In contrast, the home environment is full of distractions that challenge our commitment to practice. Phones ring. People come and go. Kids and pets don’t understand the ‘Do Not Disturb’ edict you have laid out for them (I’m talking to you Seabiscuit).
I struggled for a long time to establish a home practice and I’d like to share a little about how I finally made it work. Here are a list of common reasons your home practice is nonexistent, followed by my tips.
1. There’s no room in my house => Dedicate a spot to practice
Be creative about where to set up. Turning the bed in my guest bedroom 90° freed up ample space. When I have guests, the bed gets turned back. Keep decor here minimal. The more there is to look at, the more there is to distract you.

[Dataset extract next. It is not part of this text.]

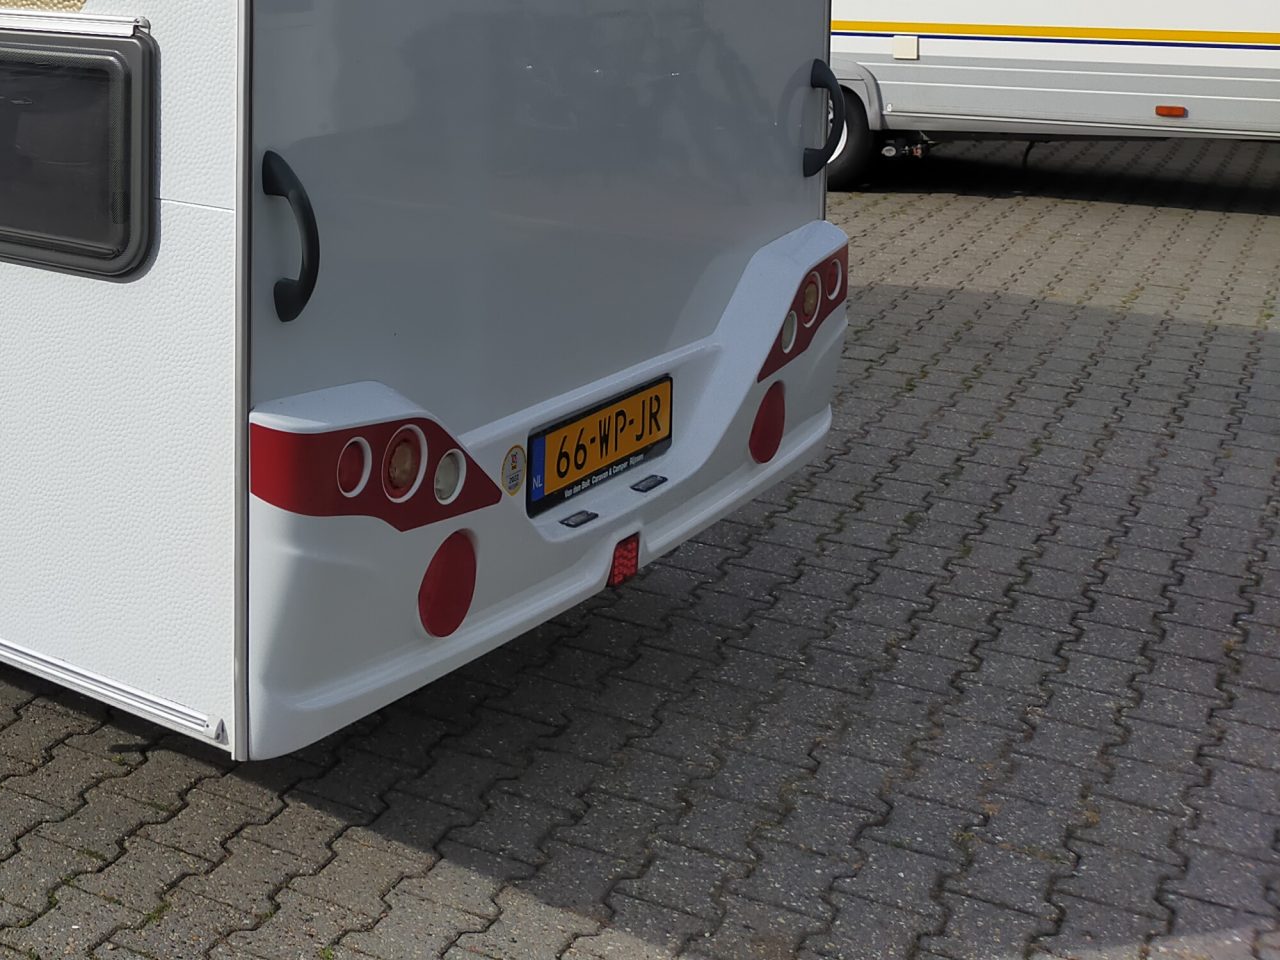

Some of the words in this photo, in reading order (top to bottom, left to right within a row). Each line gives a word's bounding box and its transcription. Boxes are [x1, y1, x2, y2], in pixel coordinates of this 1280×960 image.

[555, 393, 662, 480] 66-WP-JR
[532, 474, 544, 489] NL
[591, 470, 609, 485] Caravan

2. I don’t know what to do on my own => Practice with a virtual teacher
This is also great for when you are short on motivation. Download full classes from websites like aliveyoga.com. Use a smart-phone app. Pickup a yoga DVD from a local vendor or your public library. Use one of my stick figure class sequences.
3. The kids, pets, my significant other keep interrupting => Let people know this is ‘me’ time
It might feel selfish, but it is in fact the least selfish thing you can do. After your practice, you will be calmer and more centered. This is a selfless gift to those around you.
4. Ok, the kids, pets and significant other have left me in peace, but I can hear the TV and, oh yeah, those dust bunnies remind me that I should be cleaning the house => Learn to shut out distractions
With the practice of pratyahara, sense withdrawal, your mind can stop being a slave to your senses. When you feel bombarded by sensory input, soften your senses so what you hear, feel, see, touch and smell lose intensity. Be less aware of your external environment as you focus on your breath and body.
5. I don’t have time to practice => A five minute practice is better than no practice
Match the length of practice to the amount of time you have. Perhaps you just sit and meditate by watching your breath for 3 minutes, then follow up with a lateral stretch and a seated twist. Be guilt free about this – especially when so-and-so tells you about their 90 minute daily practice. Instead, feel gratitude toward yourself for making it onto your mat that day.
6. There is never a ‘right’ time => Be flexible about when you practice
I’m a morning person, so I get right into it after waking up. If the morning flies by and I didn’t get onto my mat, I’ll make time later in the day. Remember from #5, a short practice is better than no practice.
7. It’s not as blissful as going to a class => Make it feel special
Light a candle or incense. Play music you like. Over time, these will trigger your nervous system to relax into yoga mode.
Hope these tips help you get your home practice established. Let me know how it goes.